▶ Instructions for the task:
Repeat the entries that follow from start to finish, keeping every character.

==== Data records ====

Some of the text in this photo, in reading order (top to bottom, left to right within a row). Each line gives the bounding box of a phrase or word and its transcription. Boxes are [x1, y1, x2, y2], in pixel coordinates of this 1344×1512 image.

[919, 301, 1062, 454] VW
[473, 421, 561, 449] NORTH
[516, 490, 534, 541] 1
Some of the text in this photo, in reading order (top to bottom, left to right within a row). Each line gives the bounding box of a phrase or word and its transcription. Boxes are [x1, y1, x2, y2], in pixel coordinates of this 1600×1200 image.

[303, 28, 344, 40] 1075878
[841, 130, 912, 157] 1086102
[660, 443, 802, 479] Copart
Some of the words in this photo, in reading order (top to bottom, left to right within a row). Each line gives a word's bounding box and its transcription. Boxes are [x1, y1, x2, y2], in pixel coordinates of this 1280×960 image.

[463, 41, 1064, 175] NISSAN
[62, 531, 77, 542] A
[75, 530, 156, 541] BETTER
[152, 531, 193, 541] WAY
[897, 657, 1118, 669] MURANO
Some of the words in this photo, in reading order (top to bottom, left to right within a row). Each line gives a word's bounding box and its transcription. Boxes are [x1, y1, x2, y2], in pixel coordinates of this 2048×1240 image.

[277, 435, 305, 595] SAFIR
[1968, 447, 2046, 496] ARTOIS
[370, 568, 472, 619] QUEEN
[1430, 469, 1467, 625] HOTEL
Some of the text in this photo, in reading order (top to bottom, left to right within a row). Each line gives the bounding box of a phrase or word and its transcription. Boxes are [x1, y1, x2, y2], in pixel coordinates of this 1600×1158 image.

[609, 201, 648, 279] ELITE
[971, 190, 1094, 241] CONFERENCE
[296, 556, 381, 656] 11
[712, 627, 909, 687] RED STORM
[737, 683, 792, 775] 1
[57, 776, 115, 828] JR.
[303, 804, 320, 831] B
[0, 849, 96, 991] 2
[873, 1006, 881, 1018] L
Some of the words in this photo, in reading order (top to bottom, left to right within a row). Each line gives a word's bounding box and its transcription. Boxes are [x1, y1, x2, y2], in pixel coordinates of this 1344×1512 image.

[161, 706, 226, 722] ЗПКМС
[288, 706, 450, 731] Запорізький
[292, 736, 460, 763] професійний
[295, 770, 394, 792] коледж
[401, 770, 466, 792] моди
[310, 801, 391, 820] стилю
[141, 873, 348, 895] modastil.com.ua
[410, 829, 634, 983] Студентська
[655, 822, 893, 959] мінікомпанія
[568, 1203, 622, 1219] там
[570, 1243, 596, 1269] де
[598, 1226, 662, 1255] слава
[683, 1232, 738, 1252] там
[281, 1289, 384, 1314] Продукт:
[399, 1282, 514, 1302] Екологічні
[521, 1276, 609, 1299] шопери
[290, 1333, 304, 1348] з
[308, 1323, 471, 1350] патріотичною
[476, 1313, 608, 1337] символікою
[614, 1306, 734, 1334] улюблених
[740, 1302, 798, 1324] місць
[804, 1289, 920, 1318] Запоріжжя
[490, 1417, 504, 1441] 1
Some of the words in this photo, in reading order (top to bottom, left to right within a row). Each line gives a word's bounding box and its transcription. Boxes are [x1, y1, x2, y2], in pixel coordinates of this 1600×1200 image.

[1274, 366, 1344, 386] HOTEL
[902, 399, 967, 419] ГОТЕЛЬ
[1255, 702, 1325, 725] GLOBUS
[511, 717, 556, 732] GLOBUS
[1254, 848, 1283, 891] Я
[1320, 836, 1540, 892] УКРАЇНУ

====

▶ Task response:
Some of the text in this photo, in reading order (top to bottom, left to right within a row). Each line gives the bounding box of a phrase or word and its transcription. Boxes are [x1, y1, x2, y2], in pixel coordinates of this 1344×1512 image.

[919, 301, 1062, 454] VW
[473, 421, 561, 449] NORTH
[516, 490, 534, 541] 1
Some of the text in this photo, in reading order (top to bottom, left to right within a row). Each line gives the bounding box of a phrase or word and its transcription. Boxes are [x1, y1, x2, y2], in pixel coordinates of this 1600×1200 image.

[303, 28, 344, 40] 1075878
[841, 130, 912, 157] 1086102
[660, 443, 802, 479] Copart
Some of the words in this photo, in reading order (top to bottom, left to right within a row). Each line gives a word's bounding box and its transcription. Boxes are [x1, y1, x2, y2], in pixel coordinates of this 1280×960 image.

[463, 41, 1064, 175] NISSAN
[62, 531, 77, 542] A
[75, 530, 156, 541] BETTER
[152, 531, 193, 541] WAY
[897, 657, 1118, 669] MURANO
Some of the words in this photo, in reading order (top to bottom, left to right within a row). Each line gives a word's bounding box and its transcription. Boxes are [x1, y1, x2, y2], in pixel coordinates of this 2048×1240 image.

[277, 435, 305, 595] SAFIR
[1968, 447, 2046, 496] ARTOIS
[370, 568, 472, 619] QUEEN
[1430, 469, 1467, 625] HOTEL
Some of the text in this photo, in reading order (top to bottom, left to right within a row). Each line gives the bounding box of a phrase or word and its transcription. Boxes are [x1, y1, x2, y2], in pixel coordinates of this 1600×1158 image.

[609, 201, 648, 279] ELITE
[971, 190, 1094, 241] CONFERENCE
[296, 556, 381, 656] 11
[712, 627, 909, 687] RED STORM
[737, 683, 792, 775] 1
[57, 776, 115, 828] JR.
[303, 804, 320, 831] B
[0, 849, 96, 991] 2
[873, 1006, 881, 1018] L
Some of the words in this photo, in reading order (top to bottom, left to right within a row). Each line gives a word's bounding box and its transcription. Boxes are [x1, y1, x2, y2], in pixel coordinates of this 1344×1512 image.

[161, 706, 226, 722] ЗПКМС
[288, 706, 450, 731] Запорізький
[292, 736, 460, 763] професійний
[295, 770, 394, 792] коледж
[401, 770, 466, 792] моди
[310, 801, 391, 820] стилю
[141, 873, 348, 895] modastil.com.ua
[410, 829, 634, 983] Студентська
[655, 822, 893, 959] мінікомпанія
[568, 1203, 622, 1219] там
[570, 1243, 596, 1269] де
[598, 1226, 662, 1255] слава
[683, 1232, 738, 1252] там
[281, 1289, 384, 1314] Продукт:
[399, 1282, 514, 1302] Екологічні
[521, 1276, 609, 1299] шопери
[290, 1333, 304, 1348] з
[308, 1323, 471, 1350] патріотичною
[476, 1313, 608, 1337] символікою
[614, 1306, 734, 1334] улюблених
[740, 1302, 798, 1324] місць
[804, 1289, 920, 1318] Запоріжжя
[490, 1417, 504, 1441] 1
Some of the words in this photo, in reading order (top to bottom, left to right within a row). Each line gives a word's bounding box and its transcription. Boxes are [x1, y1, x2, y2], in pixel coordinates of this 1600×1200 image.

[1274, 366, 1344, 386] HOTEL
[902, 399, 967, 419] ГОТЕЛЬ
[1255, 702, 1325, 725] GLOBUS
[511, 717, 556, 732] GLOBUS
[1254, 848, 1283, 891] Я
[1320, 836, 1540, 892] УКРАЇНУ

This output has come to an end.